- Carolina Journal Staff
Tillis, Burr help pass same-sex marriage bill
North Carolina U.S. Sen. Thom Tillis has been working on fellow Republicans to support the Respect for Marriage Act, and found success Tuesday as it passed the chamber, 61-36. North Carolina’s senior senator, Richard Burr, was among the 12 Republicans who voted for it.
While the act does not require states to permit same-sex marriages, it does requires that states recognize same-sex marriages performed in other states. Tillis played a pivotal role in negotiating the finer points of the bill and generating Republican support.
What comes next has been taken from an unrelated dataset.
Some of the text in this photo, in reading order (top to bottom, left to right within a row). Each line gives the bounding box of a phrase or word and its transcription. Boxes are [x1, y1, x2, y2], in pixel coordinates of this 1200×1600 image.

He called it “a good compromise.”
“It’s one that’s based on mutual respect for our fellow Americans, protecting the rights of Americans who may have different lifestyles or different viewpoints,” he said on the Senate floor Tuesday.
The U.S. House is expected to pass the bill by the end of the year. It will then go to President Biden’s desk for signature. The House passed its version in July with a vote of 267-157, including 47 Republicans.
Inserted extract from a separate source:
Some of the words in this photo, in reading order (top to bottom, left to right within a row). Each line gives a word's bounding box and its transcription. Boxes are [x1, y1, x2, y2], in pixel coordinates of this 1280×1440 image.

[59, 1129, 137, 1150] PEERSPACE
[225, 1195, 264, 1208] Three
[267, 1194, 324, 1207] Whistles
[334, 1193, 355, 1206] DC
Tillis was a negotiator on the final version’s details, which include protections for nonprofits and religious organizations from being required to support same-sex marriages with services, facilities, or goods.
“One, it maintains the status quo with respect to same-sex marriage that was set forth by the Supreme Court decision, but then we make a lot of progress on ensuring that religious-affiliated institutions are still able to observe their faith and the way that they have for decades or centuries, and I think that we’ve struck that balance,” Tillis said in a virtual press conference earlier this month. “We put together a bill that has been endorsed by a religious freedom coalition that includes the Church of (Jesus Christ) of Latter-day Saints, the Seventh-day Adventists, the Council for Christian Colleges and Universities, the National Association of Evangelicals, and they believe that what we’ve done here is a good step forward for protecting religious freedom.”
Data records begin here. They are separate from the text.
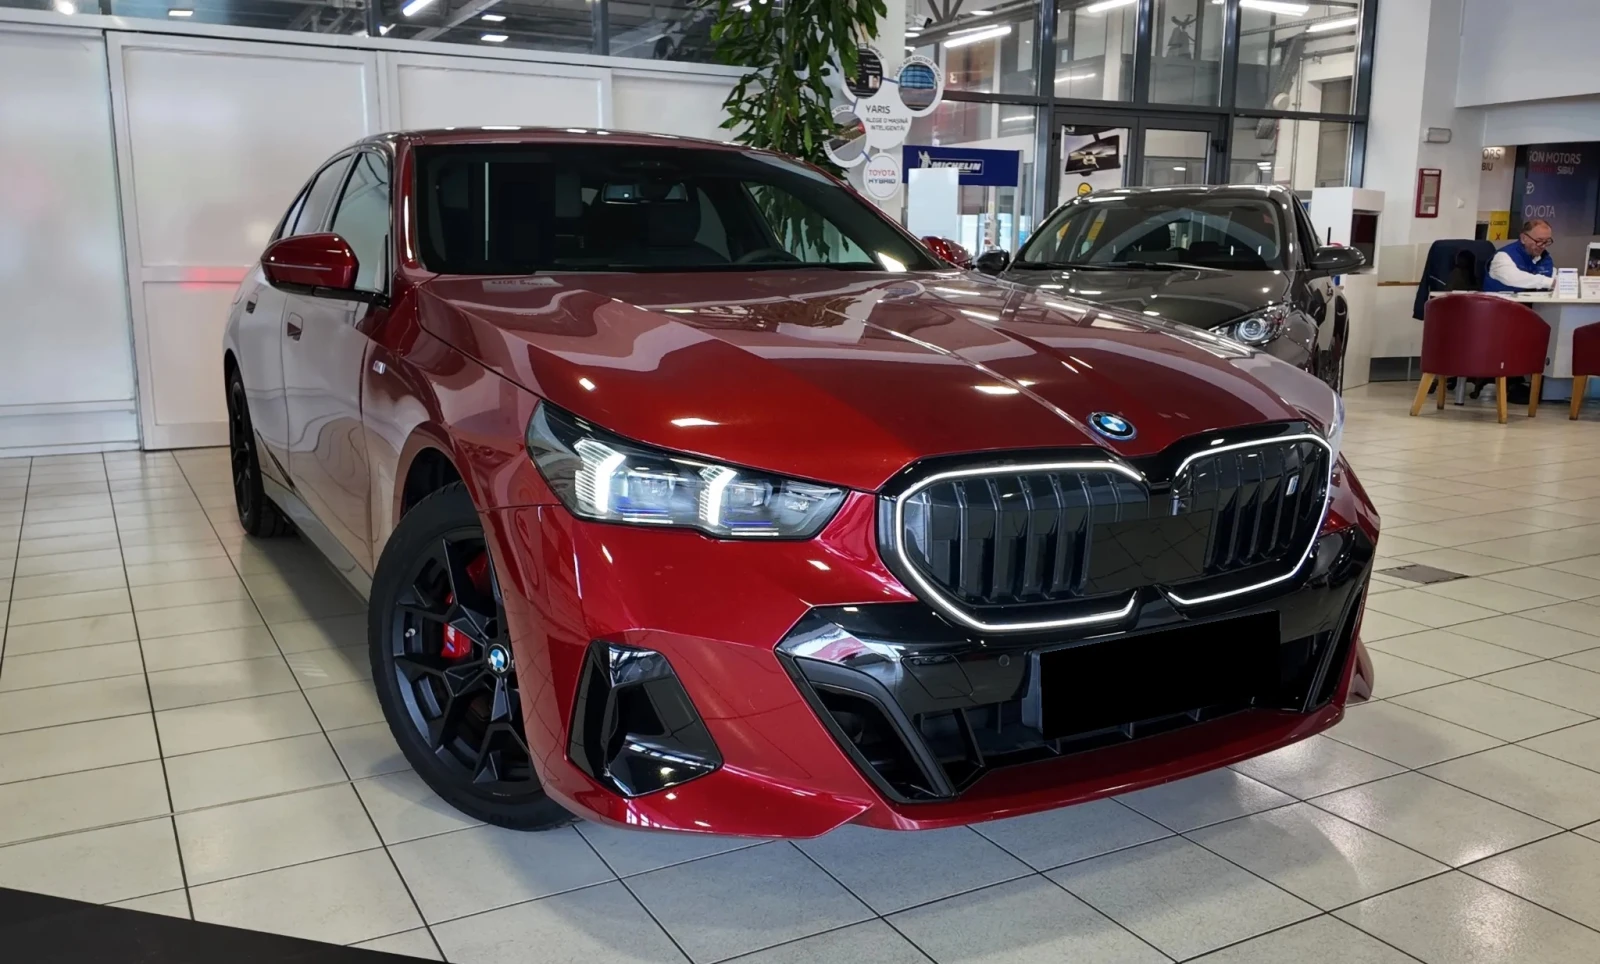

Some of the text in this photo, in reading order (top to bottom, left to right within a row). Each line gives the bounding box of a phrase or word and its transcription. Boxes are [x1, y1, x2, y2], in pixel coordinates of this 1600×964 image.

[866, 105, 891, 114] YARIS
[1545, 151, 1582, 165] MOTORS
[931, 161, 982, 171] MICHELIN
[1556, 165, 1575, 175] SIBIU
[868, 169, 896, 177] TOYOTA
[1524, 204, 1556, 218] OYOTA
The Respect for Marriage Act repeals the Defense of Marriage Act, signed into law in 1996 by President Bill Clinton, which defined marriage for federal purposes as the union of one man and one woman and allowed states to refuse to recognize same-sex marriages granted under the laws of other states.
Groups like the Heritage Foundation and Alliance Defending Freedom disagree with Tillis’ assessment of the bill and call it “deceptively named.” They say the legislation puts a target on religious organizations who believe marriage is between one man and one woman.
“The issue is not the ability to believe in man-woman marriage, but the ability to live out those beliefs meaningfully in society and not be labeled a bigot by the government for doing so,” said Roger Severino of the Heritage Foundation.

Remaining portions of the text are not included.